It doesn't necessarily sound good in theory, and it must have sounded ho-hum in whatever board room it was first suggested: dump a bucket of ice on your head to raise awareness for a cause. But, 440 million views later with absolutely no ad-spend on the part of the ALS Association, the #IceBucketChallenge doesn't seem so silly. Since then, brands have been scrambling to copy the tactic, with little success. So singular was the ad that Facebook just named it the most successful marketing campaign in the fourth annual Facebook Awards.
The Facebook Awards are timed to coincide with the Cannes Lions International Festival of Creativity, where the international advertising world crowns its best creative work. Facebook will also attend Cannes, to encourage advertisers to use the platform in new ways, and to capitalize on the growth in international advertising that seems to make up more and more of Facebook's revenue. According to AdWeek, "more than half of its [Facebook's] ad revenue came from overseas" last year.
What will the international advertising world be looking at with Facebook? Well, this year, the big standouts were mobile and video. Now that advertisers are able to target based on location and/or interest, the mobile ad spend has blossomed. And, of course, video (with the introduction of auto-play, the streamlined posting procedures, and Instagram integration) continues to be touted as the new king in online marketing, and the Facebook Awards prove it.
Here is a complete list of winners and notable campaigns, but below we've highlighted a few worth looking at.
Last summer saw 17 million videos from people like Oprah Winfrey, Ben Affleck, and Mark Zuckerberg, all dumping ice water on their heads to raise awareness and encourage donations for the cause (to the tune of $220 million.) It was a brilliant campaign that used timing to its advantage: the casual playfulness of the challenge lent itself to a summertime surge.

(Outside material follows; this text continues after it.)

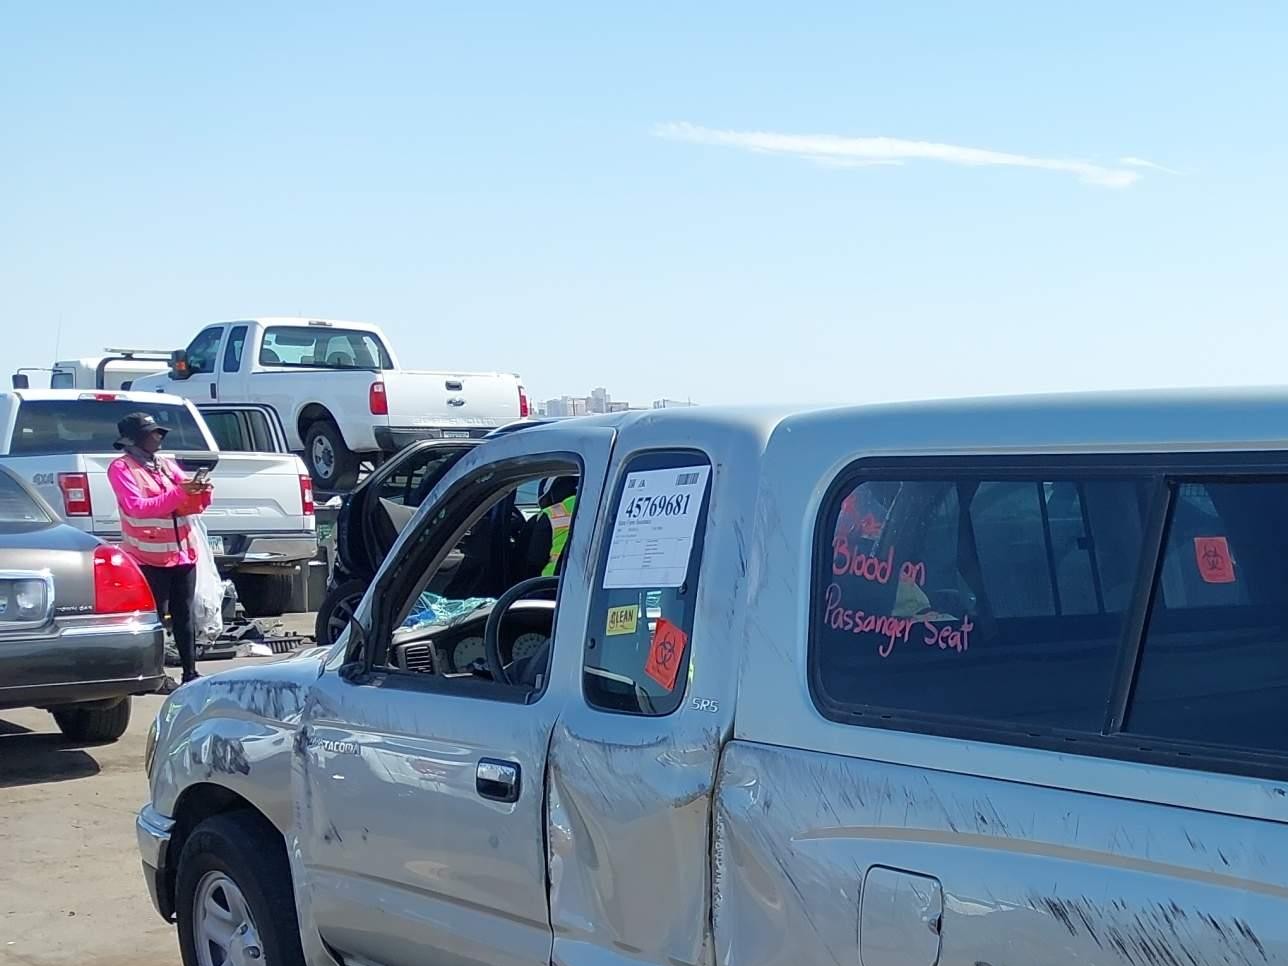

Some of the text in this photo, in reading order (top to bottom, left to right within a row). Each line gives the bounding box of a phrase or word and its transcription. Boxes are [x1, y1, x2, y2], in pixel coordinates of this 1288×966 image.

Led by the Leo Burnett agency, the Always #LikeAGirl campaign was up there with the ice bucket challenge as one of the most popular Facebook campaigns of the year, but for a completely different reason. This documentary-style video series never wavered from the seriousness of the cause it was undertaking, and the question behind the ad: "when did doing something 'like a girl' become an insult?" With 76 million views and serious, measured brand lift, it became the most-watched video in Proctor & Gamble's history. The campaign translated well to a Super Bowl spot in 2015, driving home the "girls rule" message on a day reserved for male-centered sports fanfare.
I Will What I Want
Was 2014 the year of the "girl?" Under Armour's #IWillWhatIWant campaign featured a strong female, American Ballet Theater's Misty Copeland, at the center of their campaign, upending societal norms about the "ballerina body." It was different from the #LikeAGirl campaign, though, in that it was a short spot, relying on strong visuals to tell the story. This campaign managed to spin off the #LikeAGirl positive response, redefining something traditionally thought of as "girly" and featuring female strength instead. With 5 billion impressions and $35 million in earned media, it was a major success for the new-ish brand. Lesson: when in doubt, go for strong girls in 2014?
Newcastle Band of Brands
Perhaps no brand has poked more fun of Super Bowl ad season while also reaping the benefits than Newcastle. This year's campaign took it up a notch by calling for brands that didn't have the budget for a game day spot to pool their marketing money in one big ad. With the dry Aubrey Plaza as their celebrity voice and an fun by cynical, millennial-esque take on corporate Super Bowl ads, the campaign was a near-instant hit. Newcastle says they dominated the web for weeks before game day with this campaign, and for the second year in the row, they were featured in every Big Game ad list, an impressive feat considering they really couldn't afford the $4.5 million for 30 seconds of airtime. Newcastle proved two things about game day advertising: first of all, it doesn't always have to happen on game day, and second of all, fun rules, especially with the young audiences.
Love Has No Labels
The Love Has No Labels campaign managed to combine the traits of a few of those most popular campaigns above. The ad spot tackled a serious social issue (prejudice when it comes to love) but managed to avoid didacticism by staying upbeat and happy with Macklemore's "Same Love" playing over the visuals. Their motto translated well: no lecturing, just love. With over 40 million views on Facebook in just two days, the it became the 2nd most viral PSA in history after three weeks. What's also remarkable about this ad is that it imitated its inclusive message in the brand strategy, by getting numerous rival brands--such as Coke and Pepsi, and AllState and State Farm--to push the content on their site. Form mirrored content, and it spoke loudly.